*Assignment*
Output every entry exactly as written, but omit the pictures.

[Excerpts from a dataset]
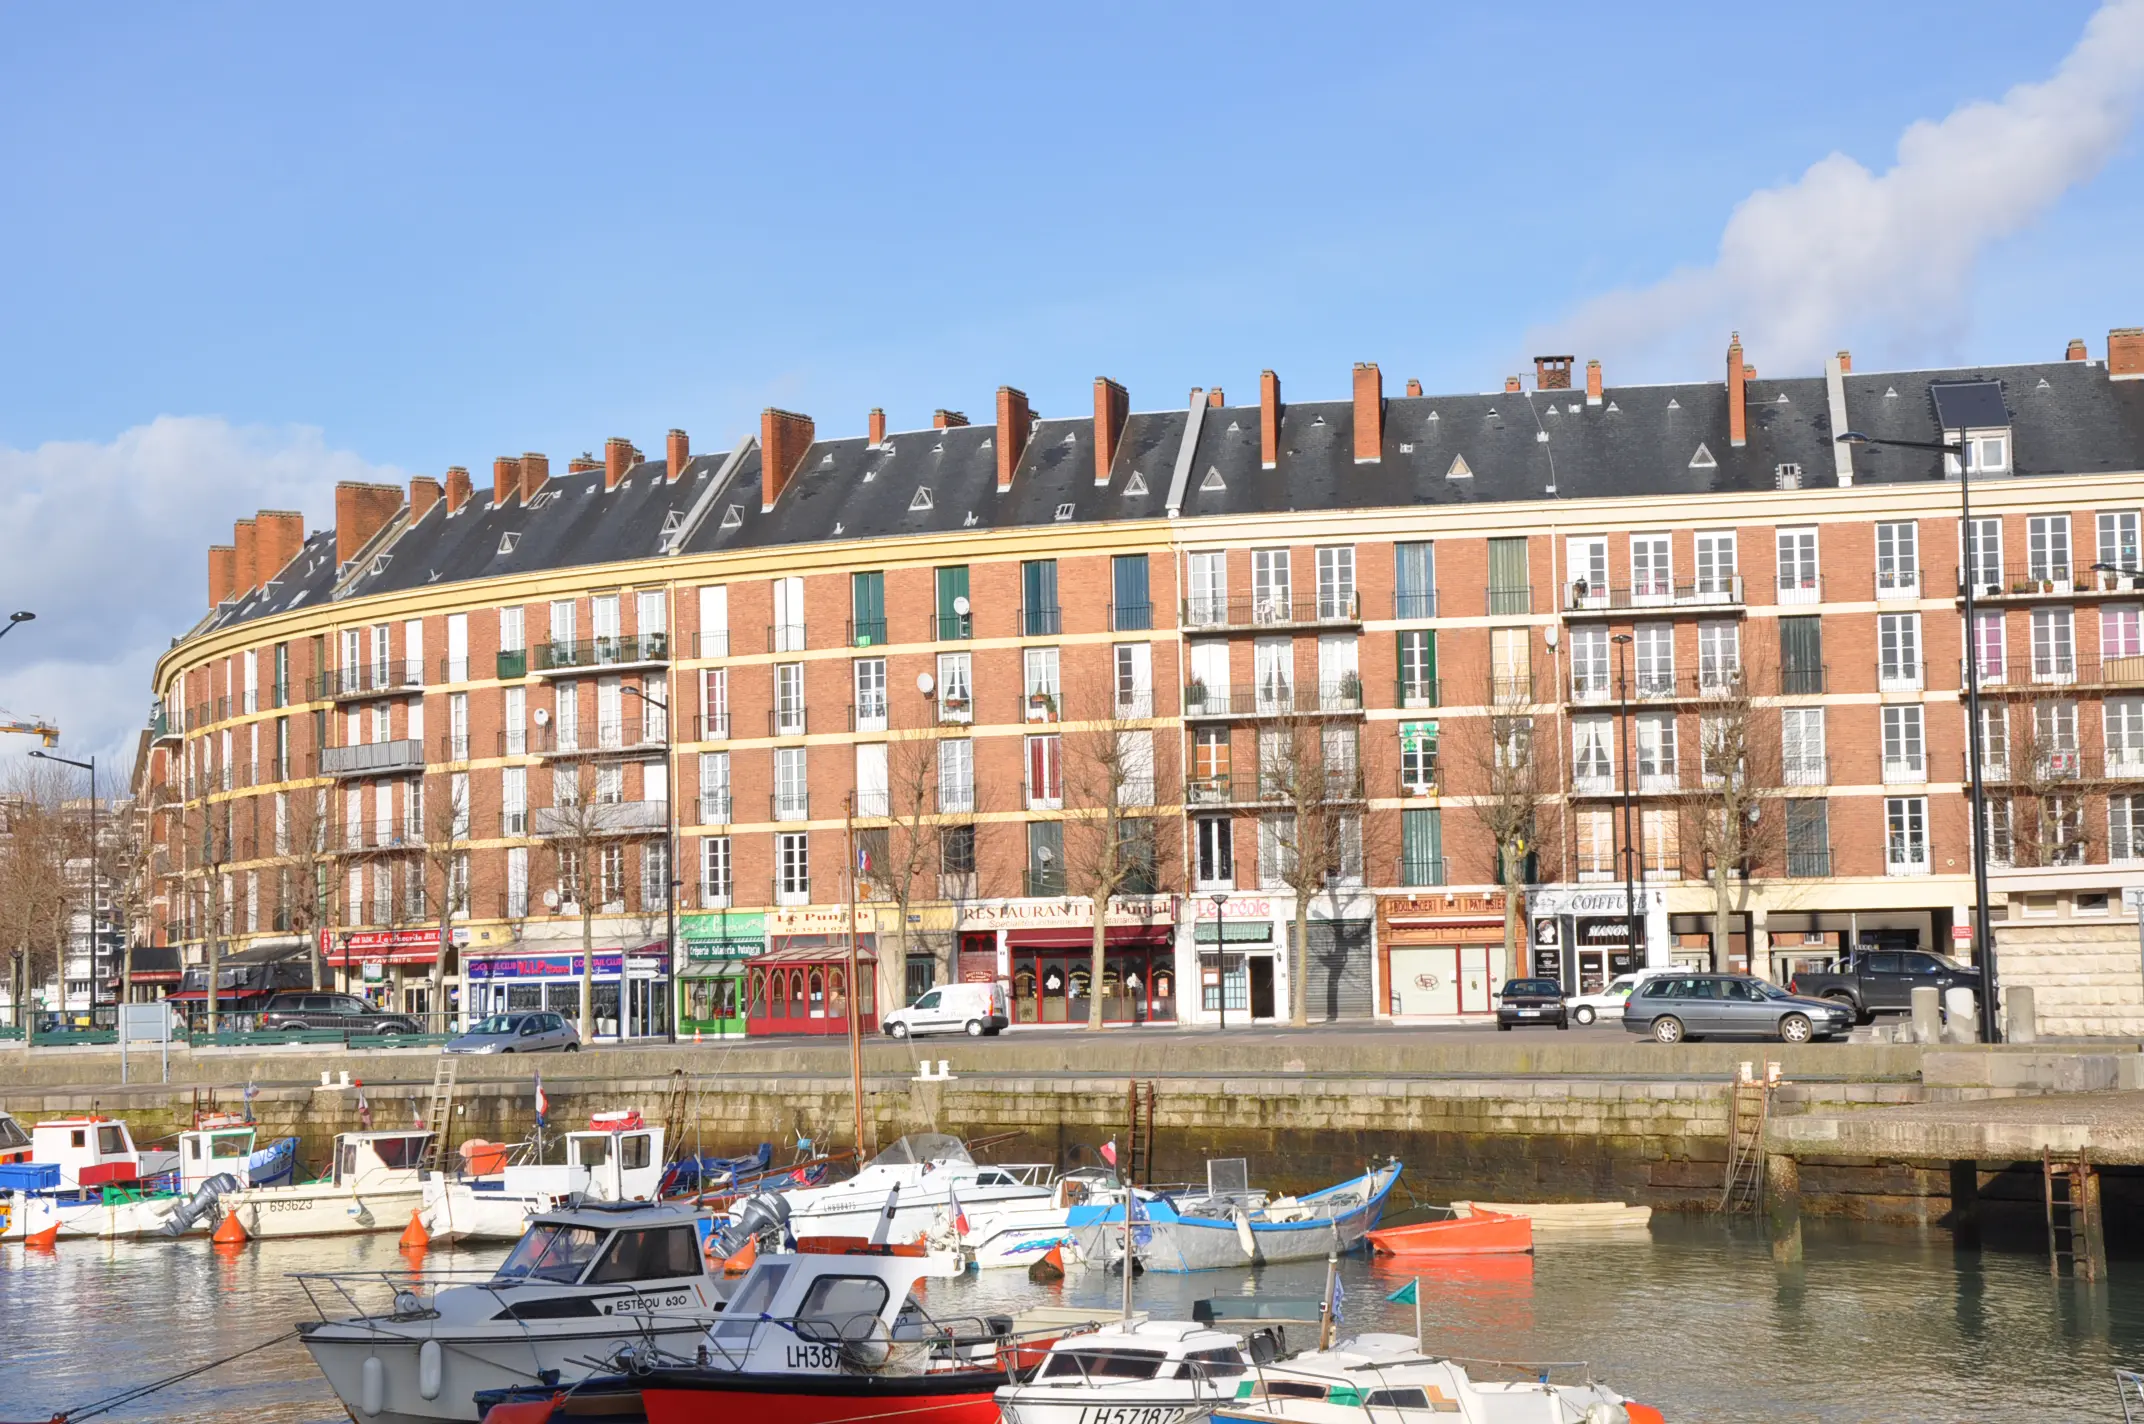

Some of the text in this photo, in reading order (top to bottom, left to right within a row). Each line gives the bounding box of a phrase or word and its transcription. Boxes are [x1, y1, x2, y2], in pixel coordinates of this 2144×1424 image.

[964, 904, 1080, 920] RESTAURANT
[1196, 899, 1216, 917] Le
[1588, 924, 1629, 937] MANON
[665, 1295, 687, 1307] 630

*Solution to the problem*
Some of the text in this photo, in reading order (top to bottom, left to right within a row). Each line gives the bounding box of a phrase or word and its transcription. Boxes are [x1, y1, x2, y2], in pixel coordinates of this 2144×1424 image.

[964, 904, 1080, 920] RESTAURANT
[1196, 899, 1216, 917] Le
[1588, 924, 1629, 937] MANON
[665, 1295, 687, 1307] 630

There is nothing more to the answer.